• [Work item]
Every entry should be reproduced precisely, with each picture left out.

Segment Start: Supplied information

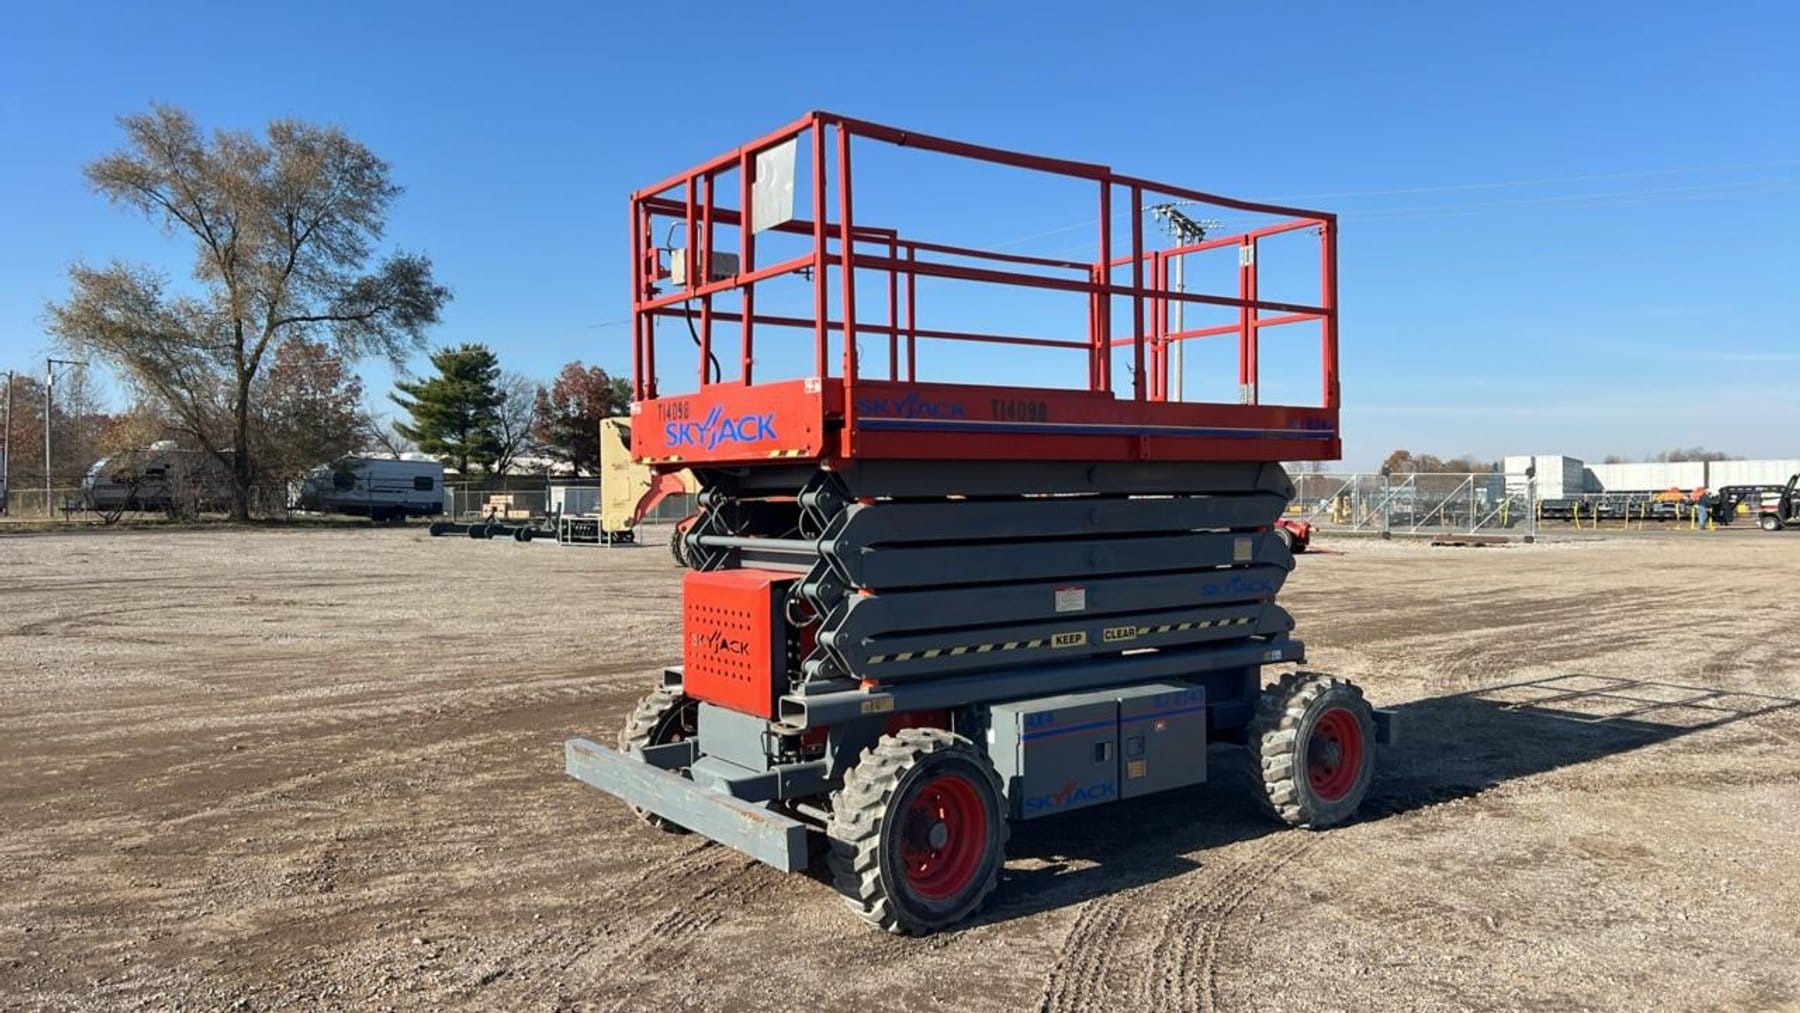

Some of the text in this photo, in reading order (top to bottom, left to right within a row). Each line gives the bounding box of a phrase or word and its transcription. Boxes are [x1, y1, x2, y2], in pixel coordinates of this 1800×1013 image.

[665, 405, 776, 450] SKYJACK
[1055, 628, 1136, 645] KEEP CLEAR
[1024, 780, 1116, 812] SKYJACK
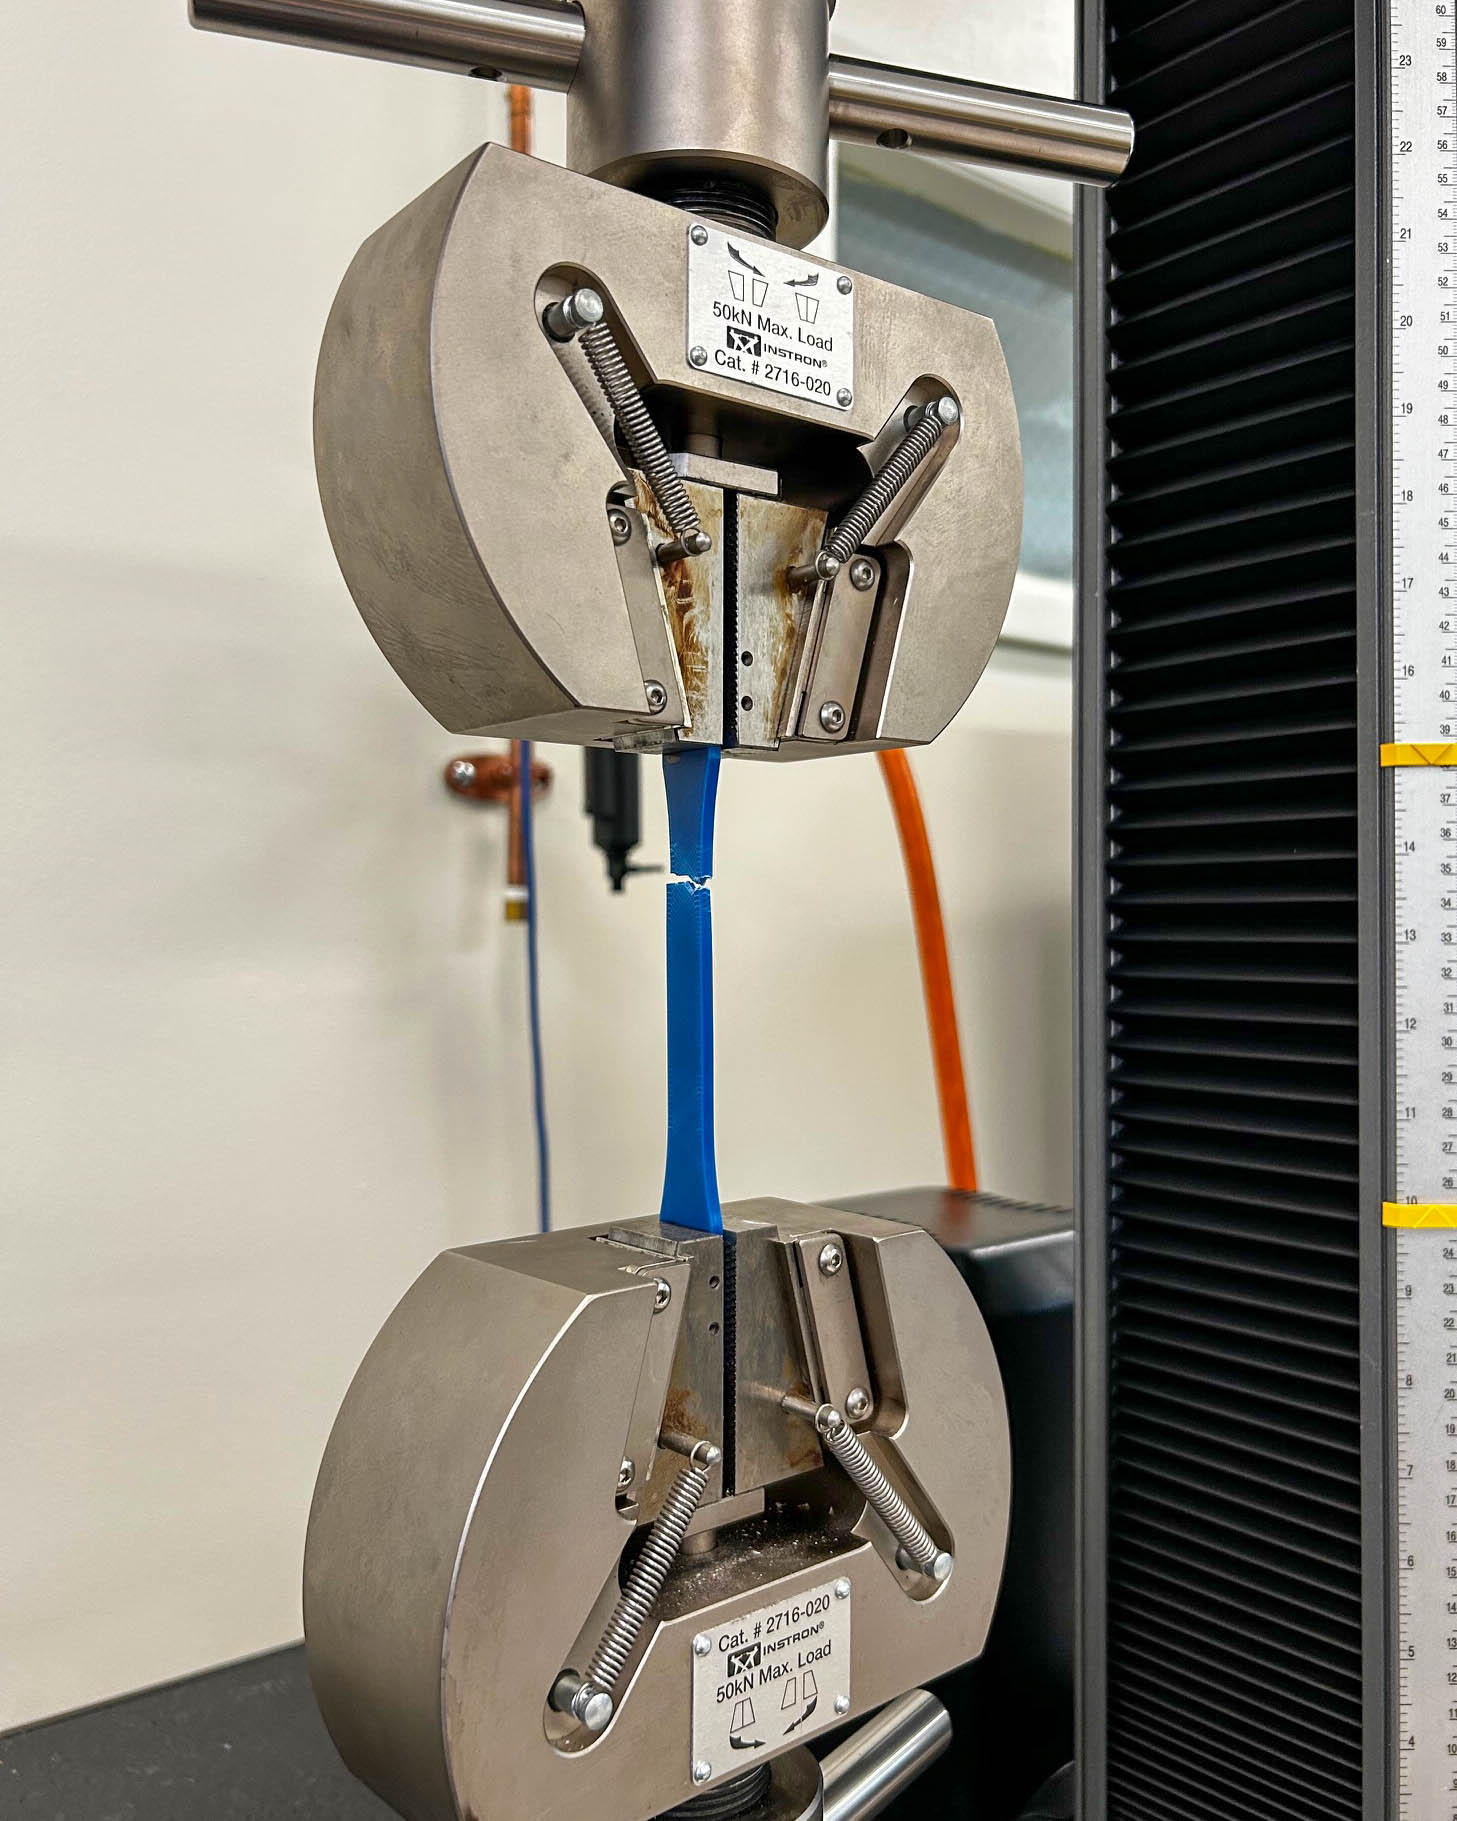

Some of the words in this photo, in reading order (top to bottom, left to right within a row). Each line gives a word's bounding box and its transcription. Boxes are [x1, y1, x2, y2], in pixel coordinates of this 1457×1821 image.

[1436, 5, 1446, 14] 60
[1436, 38, 1446, 47] 59
[1399, 55, 1411, 66] 23
[1437, 72, 1447, 81] 58
[1437, 106, 1447, 115] 57
[1400, 141, 1412, 152] 22
[1437, 140, 1447, 149] 56
[1438, 174, 1447, 183] 55
[1438, 209, 1448, 217] 54
[1400, 228, 1411, 239] 21
[1438, 243, 1448, 252] 53
[1438, 277, 1448, 286] 52
[1400, 315, 1412, 326] 20
[1440, 312, 1450, 320] 51
[713, 300, 752, 327] 50kN
[757, 313, 793, 340] Max.
[798, 326, 833, 352] Load
[1438, 346, 1448, 355] 50
[715, 349, 746, 372] Cat.
[751, 360, 760, 376] #
[765, 363, 831, 396] 2716-020
[1438, 380, 1448, 389] 49
[1401, 403, 1412, 414] 19
[1438, 415, 1448, 424] 48
[1438, 449, 1448, 458] 47
[1438, 483, 1448, 492] 46
[1401, 489, 1413, 501] 18
[1438, 518, 1448, 527] 45
[1438, 552, 1448, 561] 44
[1402, 578, 1413, 588] 17
[1439, 587, 1449, 596] 43
[1439, 621, 1449, 631] 42
[1442, 656, 1451, 665] 41
[1403, 665, 1414, 676] 16
[1440, 690, 1450, 700] 40
[1440, 725, 1450, 734] 39
[1440, 794, 1450, 803] 37
[1440, 828, 1451, 837] 36
[1404, 841, 1415, 852] 14
[1441, 864, 1451, 873] 35
[1441, 898, 1451, 908] 34
[1405, 930, 1416, 941] 13
[1441, 933, 1451, 942] 33
[1441, 968, 1452, 977] 32
[1444, 1003, 1453, 1012] 31
[1405, 1018, 1416, 1029] 12
[1442, 1037, 1452, 1046] 30
[1442, 1072, 1452, 1081] 29
[1405, 1107, 1415, 1118] 11
[1442, 1107, 1452, 1117] 28
[1442, 1142, 1453, 1152] 27
[1442, 1177, 1453, 1187] 26
[1443, 1248, 1453, 1258] 24
[1406, 1285, 1412, 1296] 9
[1443, 1284, 1454, 1293] 23
[1444, 1319, 1454, 1328] 22
[1447, 1353, 1456, 1362] 21
[1406, 1375, 1412, 1386] 8
[1444, 1390, 1455, 1399] 20
[1446, 1424, 1455, 1433] 19
[1446, 1460, 1455, 1469] 18
[1407, 1465, 1413, 1475] 7
[1446, 1496, 1456, 1505] 17
[1446, 1531, 1456, 1541] 16
[1407, 1555, 1414, 1566] 6
[1447, 1567, 1456, 1576] 15
[1447, 1603, 1456, 1612] 14
[718, 1628, 749, 1652] Cat.
[753, 1621, 762, 1639] #
[766, 1594, 830, 1634] 2716-020
[1447, 1638, 1457, 1647] 13
[1408, 1646, 1414, 1657] 5
[716, 1673, 754, 1704] 50kN
[759, 1661, 793, 1686] Max.
[799, 1639, 832, 1668] Load
[1447, 1673, 1457, 1682] 12
[1409, 1736, 1415, 1747] 4
[1448, 1744, 1457, 1753] 10
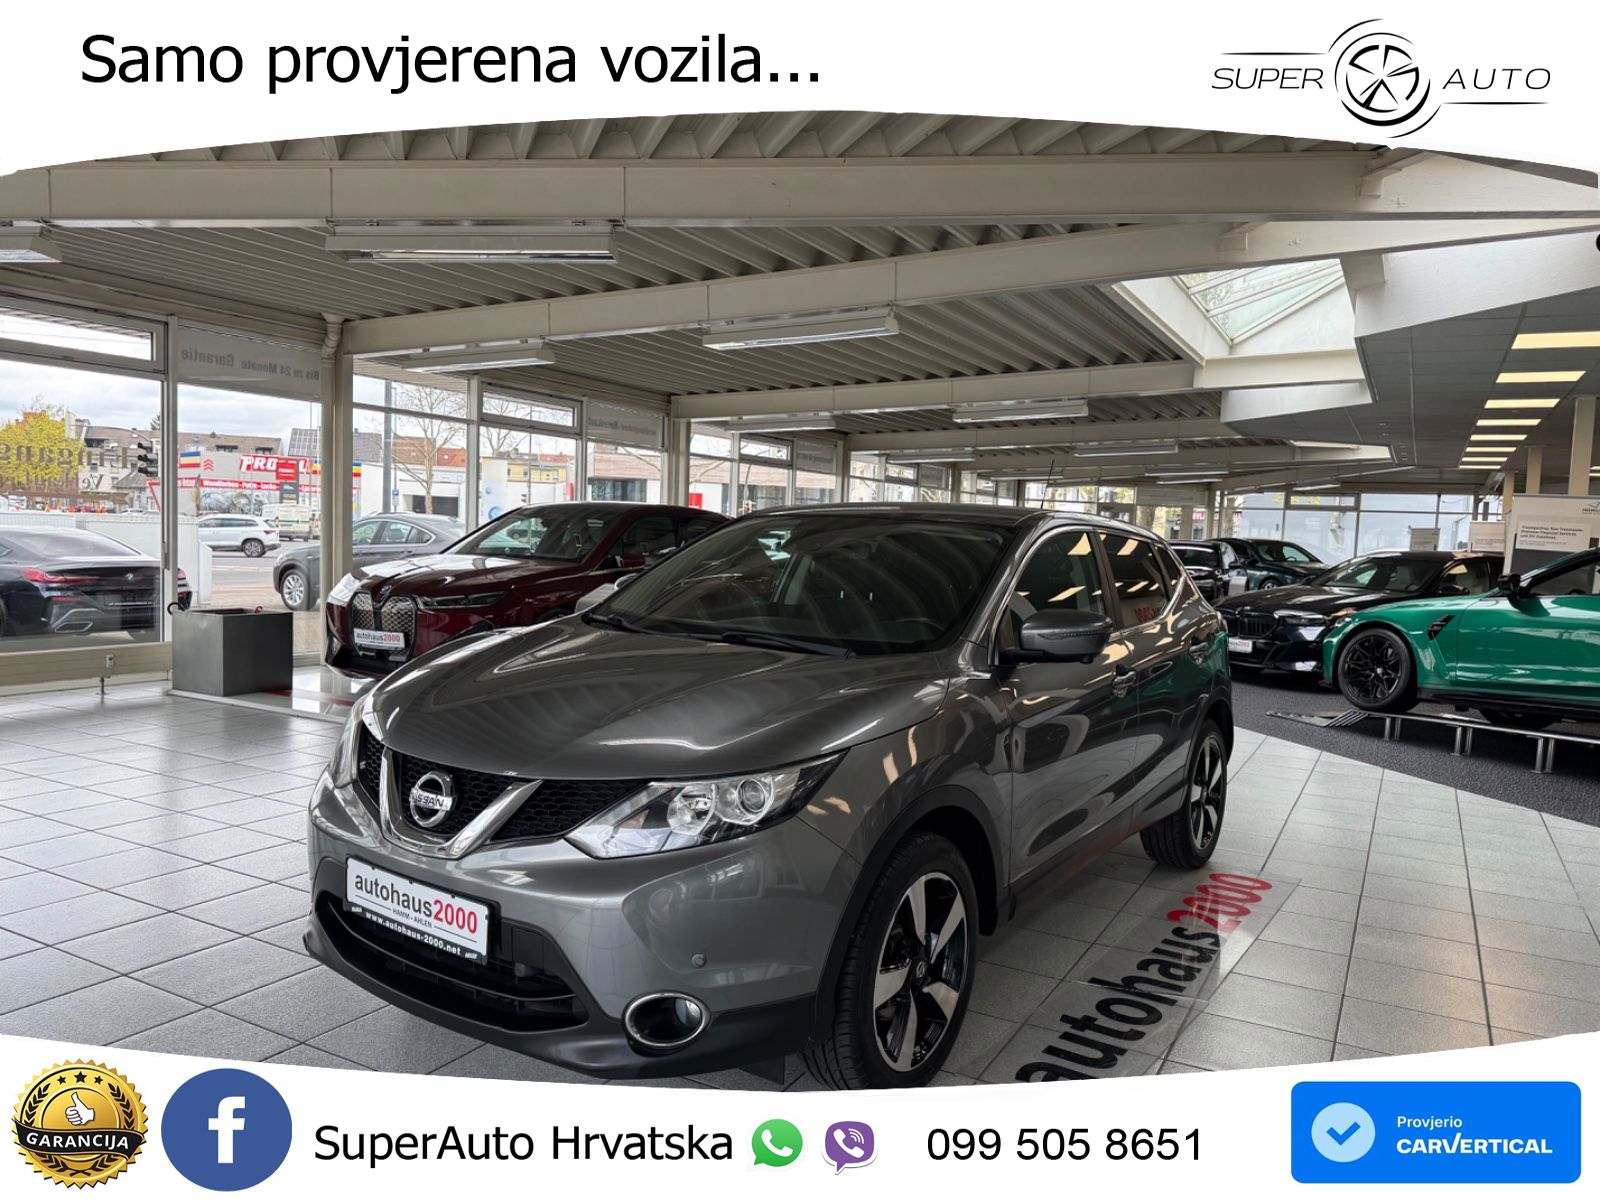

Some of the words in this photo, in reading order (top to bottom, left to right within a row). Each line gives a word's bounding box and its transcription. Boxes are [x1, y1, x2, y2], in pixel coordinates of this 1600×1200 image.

[354, 873, 478, 934] autohaus2000
[392, 908, 410, 920] HAMM
[413, 915, 433, 929] AHLEN
[364, 911, 461, 956] www.autohaus-2000.net

Segment End: Supplied information

• [Task output]
Some of the text in this photo, in reading order (top to bottom, left to right within a row). Each line gives the bounding box of a phrase or word and its transcription. Boxes are [x1, y1, x2, y2], in pixel coordinates of this 1800×1013 image.

[665, 405, 776, 450] SKYJACK
[1055, 628, 1136, 645] KEEP CLEAR
[1024, 780, 1116, 812] SKYJACK

Some of the words in this photo, in reading order (top to bottom, left to right within a row). Each line gives a word's bounding box and its transcription. Boxes are [x1, y1, x2, y2], in pixel coordinates of this 1457×1821 image.

[1436, 5, 1446, 14] 60
[1436, 38, 1446, 47] 59
[1399, 55, 1411, 66] 23
[1437, 72, 1447, 81] 58
[1437, 106, 1447, 115] 57
[1400, 141, 1412, 152] 22
[1437, 140, 1447, 149] 56
[1438, 174, 1447, 183] 55
[1438, 209, 1448, 217] 54
[1400, 228, 1411, 239] 21
[1438, 243, 1448, 252] 53
[1438, 277, 1448, 286] 52
[1400, 315, 1412, 326] 20
[1440, 312, 1450, 320] 51
[713, 300, 752, 327] 50kN
[757, 313, 793, 340] Max.
[798, 326, 833, 352] Load
[1438, 346, 1448, 355] 50
[715, 349, 746, 372] Cat.
[751, 360, 760, 376] #
[765, 363, 831, 396] 2716-020
[1438, 380, 1448, 389] 49
[1401, 403, 1412, 414] 19
[1438, 415, 1448, 424] 48
[1438, 449, 1448, 458] 47
[1438, 483, 1448, 492] 46
[1401, 489, 1413, 501] 18
[1438, 518, 1448, 527] 45
[1438, 552, 1448, 561] 44
[1402, 578, 1413, 588] 17
[1439, 587, 1449, 596] 43
[1439, 621, 1449, 631] 42
[1442, 656, 1451, 665] 41
[1403, 665, 1414, 676] 16
[1440, 690, 1450, 700] 40
[1440, 725, 1450, 734] 39
[1440, 794, 1450, 803] 37
[1440, 828, 1451, 837] 36
[1404, 841, 1415, 852] 14
[1441, 864, 1451, 873] 35
[1441, 898, 1451, 908] 34
[1405, 930, 1416, 941] 13
[1441, 933, 1451, 942] 33
[1441, 968, 1452, 977] 32
[1444, 1003, 1453, 1012] 31
[1405, 1018, 1416, 1029] 12
[1442, 1037, 1452, 1046] 30
[1442, 1072, 1452, 1081] 29
[1405, 1107, 1415, 1118] 11
[1442, 1107, 1452, 1117] 28
[1442, 1142, 1453, 1152] 27
[1442, 1177, 1453, 1187] 26
[1443, 1248, 1453, 1258] 24
[1406, 1285, 1412, 1296] 9
[1443, 1284, 1454, 1293] 23
[1444, 1319, 1454, 1328] 22
[1447, 1353, 1456, 1362] 21
[1406, 1375, 1412, 1386] 8
[1444, 1390, 1455, 1399] 20
[1446, 1424, 1455, 1433] 19
[1446, 1460, 1455, 1469] 18
[1407, 1465, 1413, 1475] 7
[1446, 1496, 1456, 1505] 17
[1446, 1531, 1456, 1541] 16
[1407, 1555, 1414, 1566] 6
[1447, 1567, 1456, 1576] 15
[1447, 1603, 1456, 1612] 14
[718, 1628, 749, 1652] Cat.
[753, 1621, 762, 1639] #
[766, 1594, 830, 1634] 2716-020
[1447, 1638, 1457, 1647] 13
[1408, 1646, 1414, 1657] 5
[716, 1673, 754, 1704] 50kN
[759, 1661, 793, 1686] Max.
[799, 1639, 832, 1668] Load
[1447, 1673, 1457, 1682] 12
[1409, 1736, 1415, 1747] 4
[1448, 1744, 1457, 1753] 10

Some of the words in this photo, in reading order (top to bottom, left to right within a row). Each line gives a word's bounding box and its transcription. Boxes are [x1, y1, x2, y2], in pixel coordinates of this 1600×1200 image.

[354, 873, 478, 934] autohaus2000
[392, 908, 410, 920] HAMM
[413, 915, 433, 929] AHLEN
[364, 911, 461, 956] www.autohaus-2000.net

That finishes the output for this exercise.